- [ACTIVITY]:
Once the images are set aside, write out the rest of the records exactly.

- [EXTRACTED ENTRIES]:
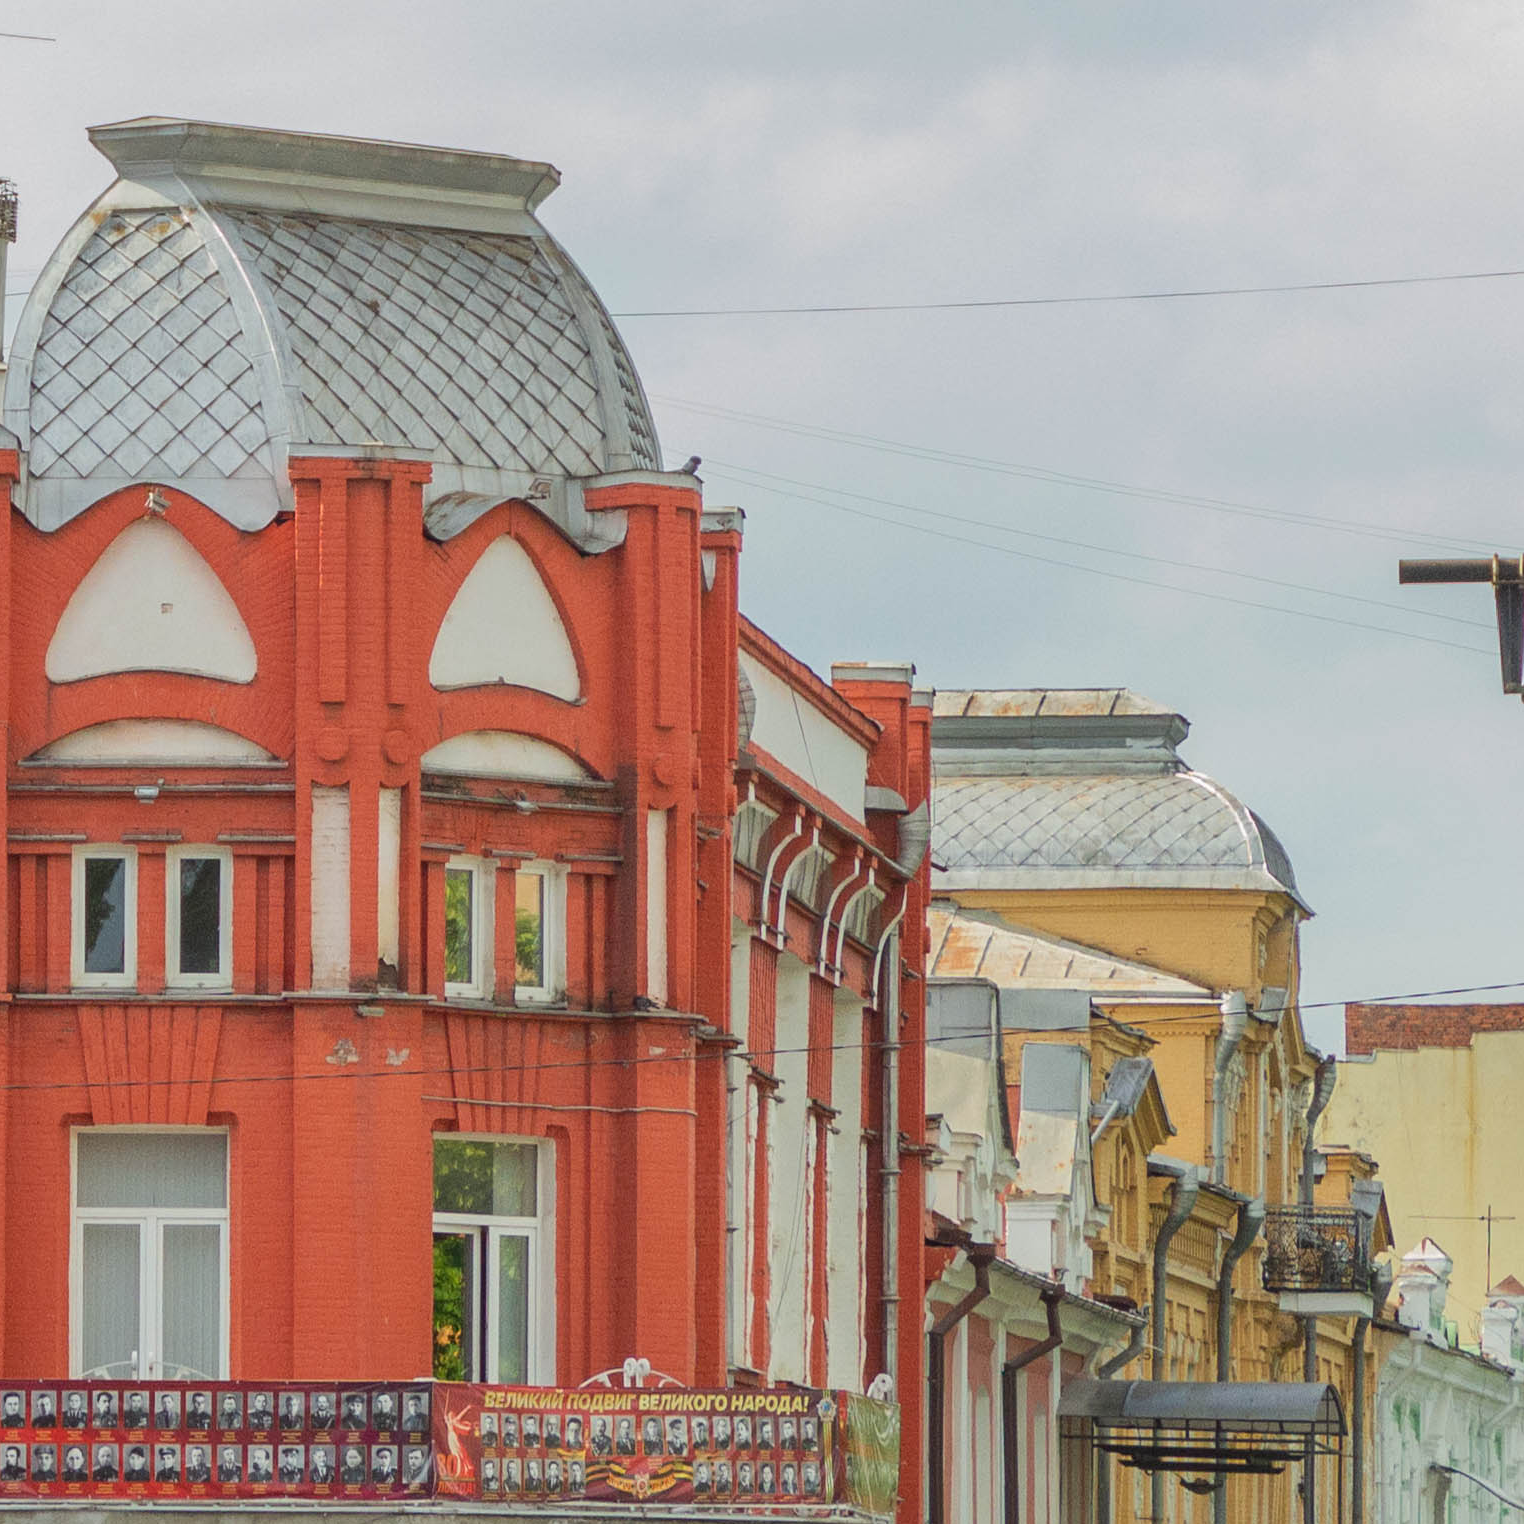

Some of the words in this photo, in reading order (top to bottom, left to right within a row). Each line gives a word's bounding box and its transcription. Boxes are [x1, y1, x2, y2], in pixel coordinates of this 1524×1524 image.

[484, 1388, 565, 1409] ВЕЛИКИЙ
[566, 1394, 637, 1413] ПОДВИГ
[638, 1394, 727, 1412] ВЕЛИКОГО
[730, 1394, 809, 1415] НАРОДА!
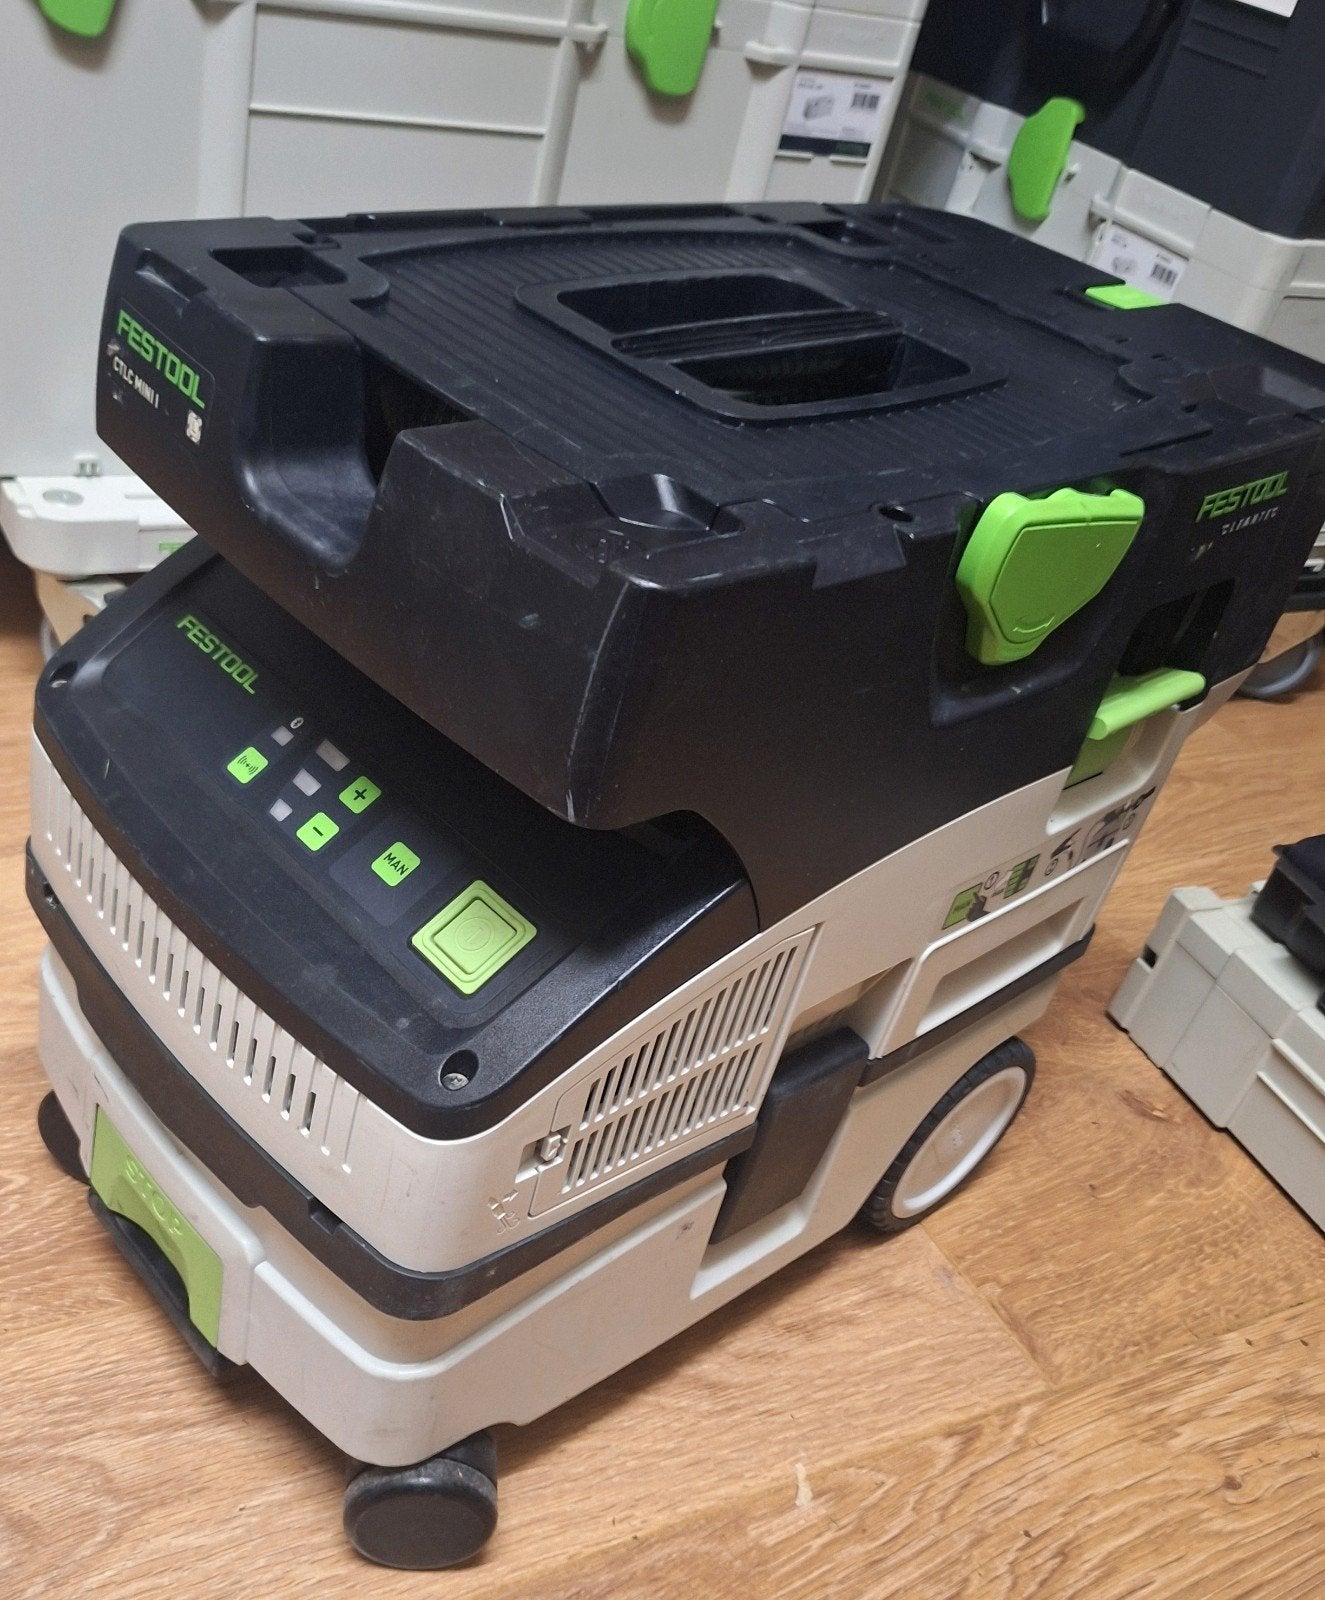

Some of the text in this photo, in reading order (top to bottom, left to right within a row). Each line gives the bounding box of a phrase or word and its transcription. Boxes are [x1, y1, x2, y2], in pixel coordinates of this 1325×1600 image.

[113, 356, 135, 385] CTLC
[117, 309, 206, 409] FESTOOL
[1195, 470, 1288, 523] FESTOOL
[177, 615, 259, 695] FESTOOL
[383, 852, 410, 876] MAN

- [ANSWER BOX]:
Some of the words in this photo, in reading order (top to bottom, left to right within a row). Each line gives a word's bounding box and its transcription. Boxes are [x1, y1, x2, y2], in pixel coordinates of this 1524×1524 image.

[484, 1388, 565, 1409] ВЕЛИКИЙ
[566, 1394, 637, 1413] ПОДВИГ
[638, 1394, 727, 1412] ВЕЛИКОГО
[730, 1394, 809, 1415] НАРОДА!

Some of the text in this photo, in reading order (top to bottom, left to right within a row). Each line gives the bounding box of a phrase or word and its transcription. Boxes are [x1, y1, x2, y2], in pixel coordinates of this 1325×1600 image.

[113, 356, 135, 385] CTLC
[117, 309, 206, 409] FESTOOL
[1195, 470, 1288, 523] FESTOOL
[177, 615, 259, 695] FESTOOL
[383, 852, 410, 876] MAN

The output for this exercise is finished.